She had no interest in working for the government. But with her dad’s encouragement, St. Joseph’s graduate Annette Mahoney-Cross went ahead and sat for the civil service caseworker test 20 years ago, hoping to land a job with benefits.
Within a couple of months, she became a caseworker at Suffolk’s Child Protective Services (CPS). To this day, Mahoney-Cross, now the director of CPS for the county, is thankful for the push from her dad.
“I got to meet so many different kinds of families,” Mahoney-Cross said Tuesday during a presentation in SJC Long Island’s Shea Conference Room to students interested in a career with CPS. “I grew up in a very small, insular community, and then there I was going out to communities I didn’t even know existed.”
Mahoney-Cross graduated from SJC Long Island in 1998 with a degree in human relations and in psychology. She earned a master’s in psychology and a master’s in social work — the latter of which was paid for by a tuition reimbursement program at CPS.
“While your master’s is not required to work in most child welfare programs, it’s encouraged for a lot of reasons,” she said. “It professionalizes the field. It gives you some skills you would not otherwise have. And tuition reimbursement is still offered today.”

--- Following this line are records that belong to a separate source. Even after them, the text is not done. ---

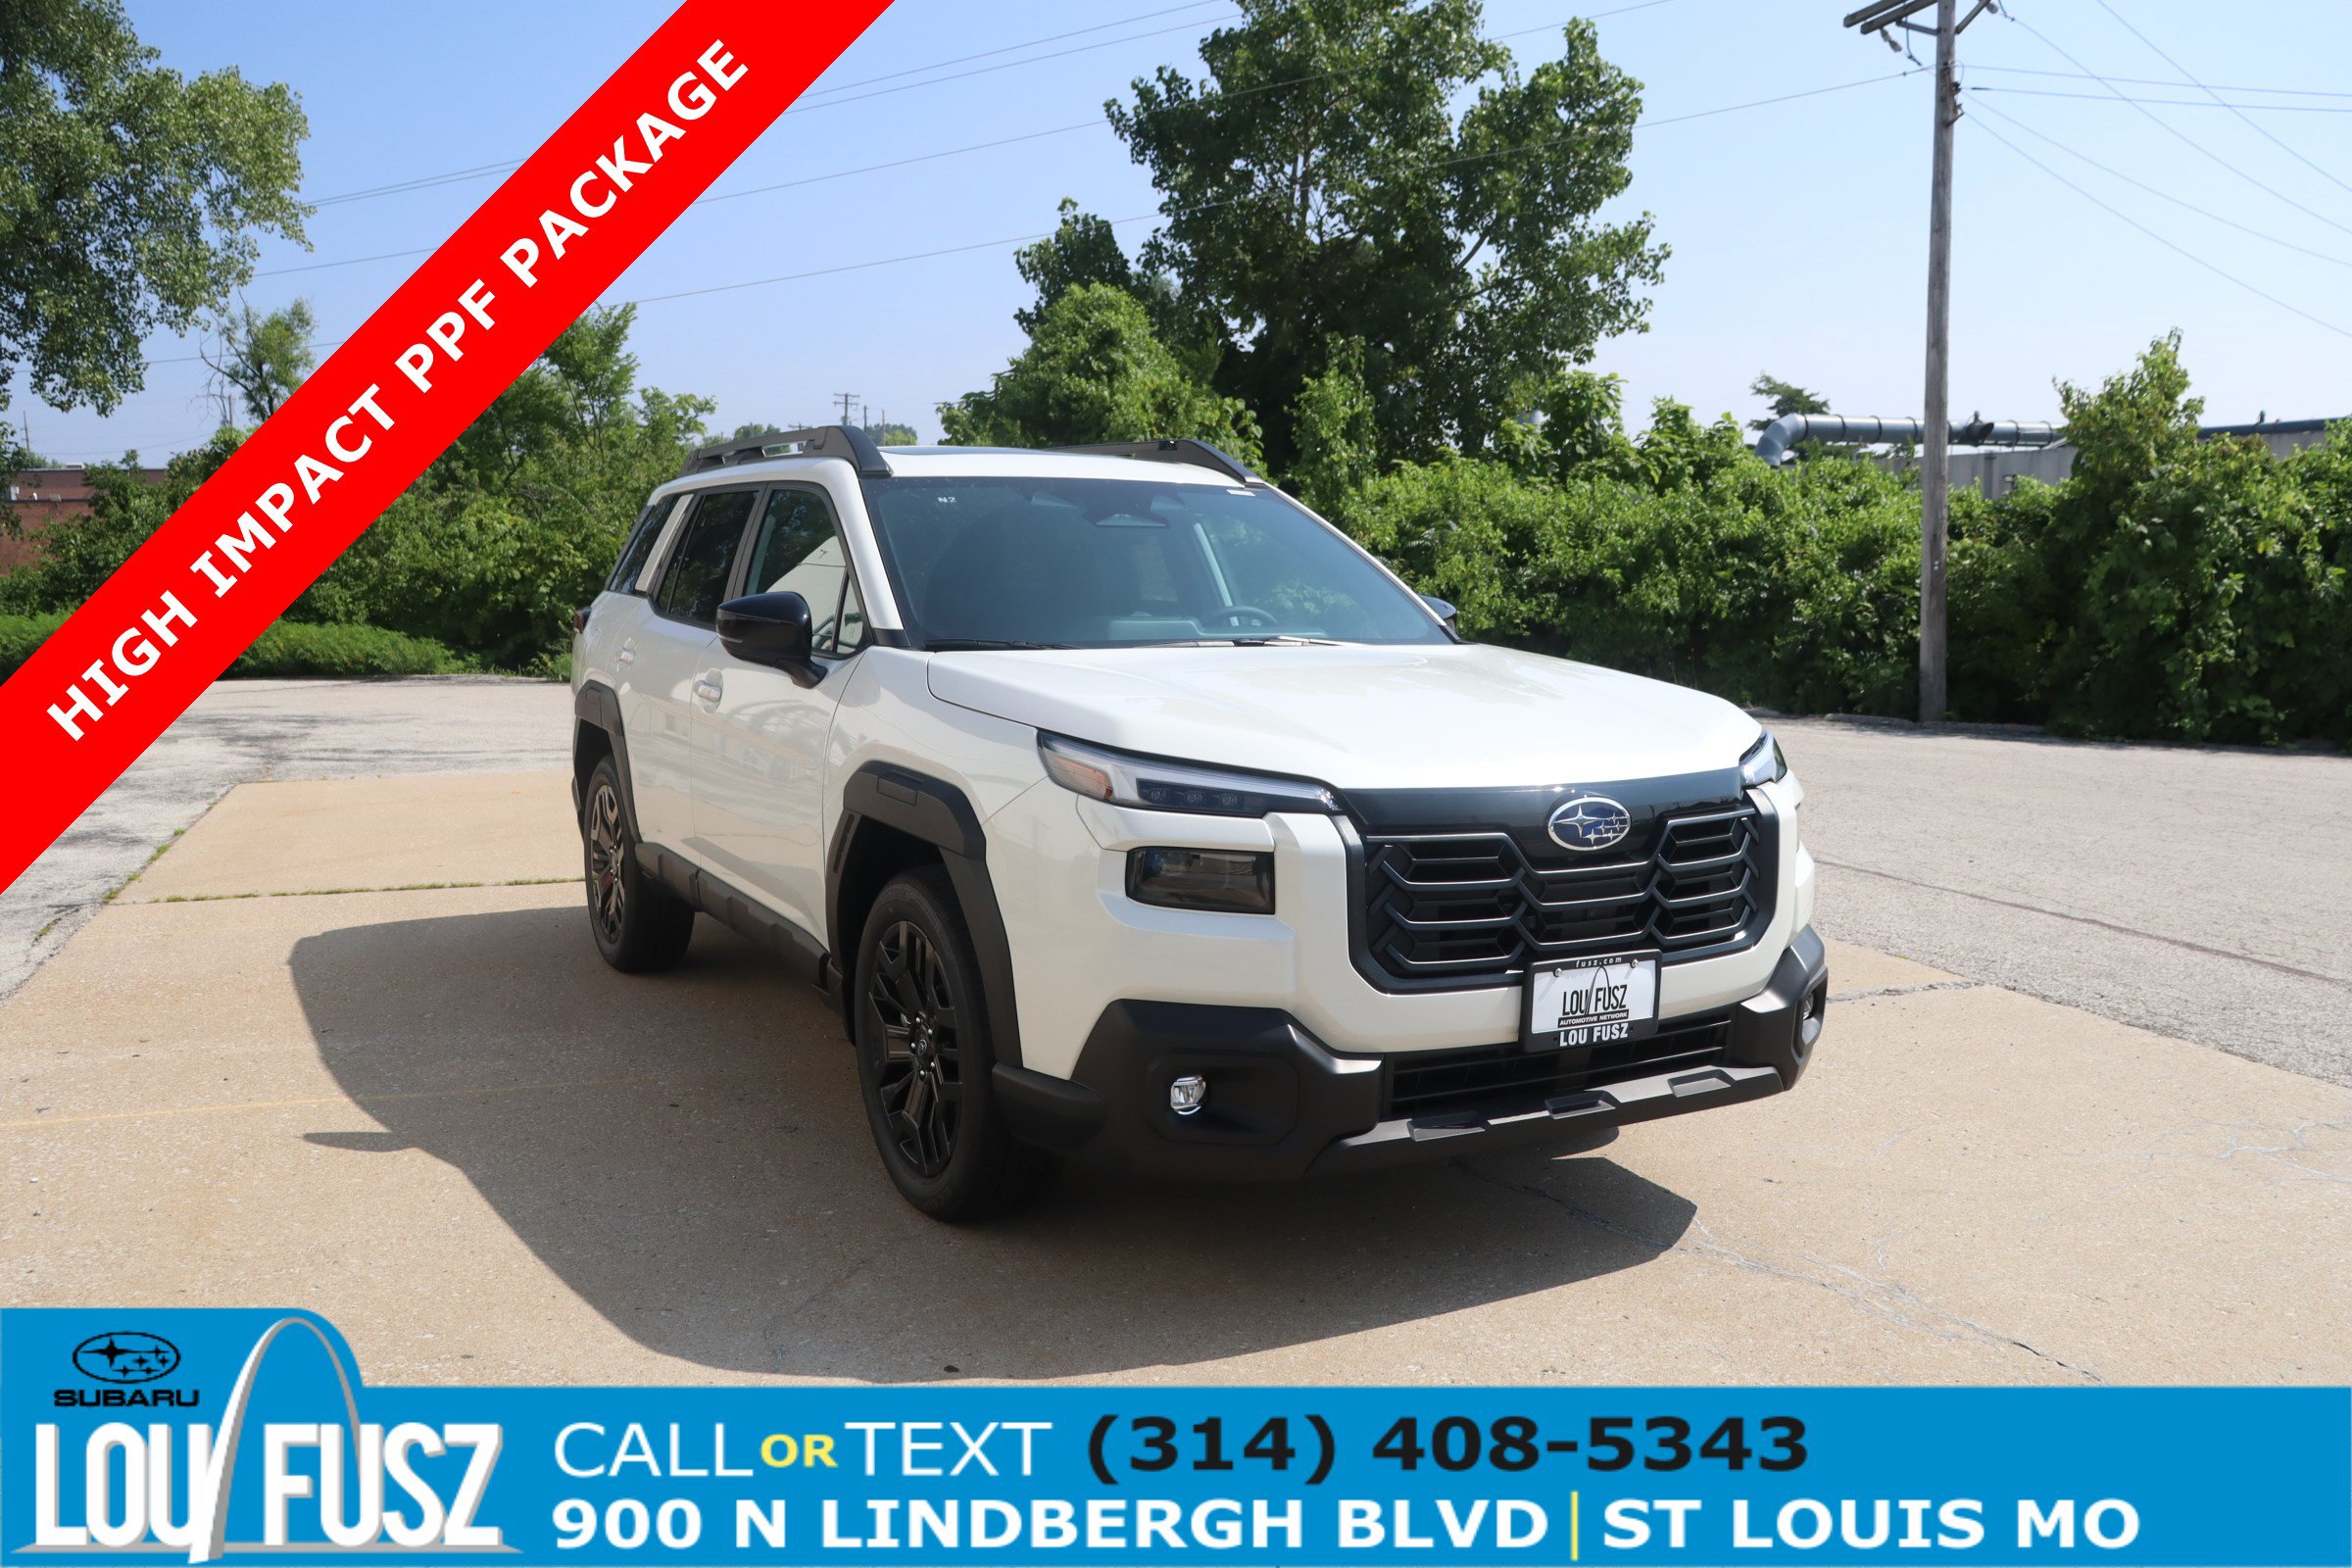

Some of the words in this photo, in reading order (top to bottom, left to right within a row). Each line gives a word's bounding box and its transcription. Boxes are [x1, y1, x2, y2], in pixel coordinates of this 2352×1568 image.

[1575, 956, 1622, 967] fusz.com
[1562, 989, 1589, 1016] LOU
[1594, 984, 1628, 1012] FUSZ
[1559, 1016, 1598, 1026] AUTOMOTIVE
[1599, 1011, 1628, 1021] NETWORK
[1560, 1029, 1588, 1047] LOU
[1592, 1022, 1629, 1043] FUSZ

Mahoney-Cross also explained that a person interested in a job at Suffolk County’s CPS just needs a bachelor’s degree; it doesn’t have to be in psychology or social work.
“I try to handle everything I do with a little humor,” Mahoney-Cross said. “We see a lot of ugly stuff. If this is work you want to do, you have to find ways to cope. It can be immensely rewarding, and there are days you’re going to go home and you’re going to cry. It’s about finding balance in that — being able to find humor in the silly things.”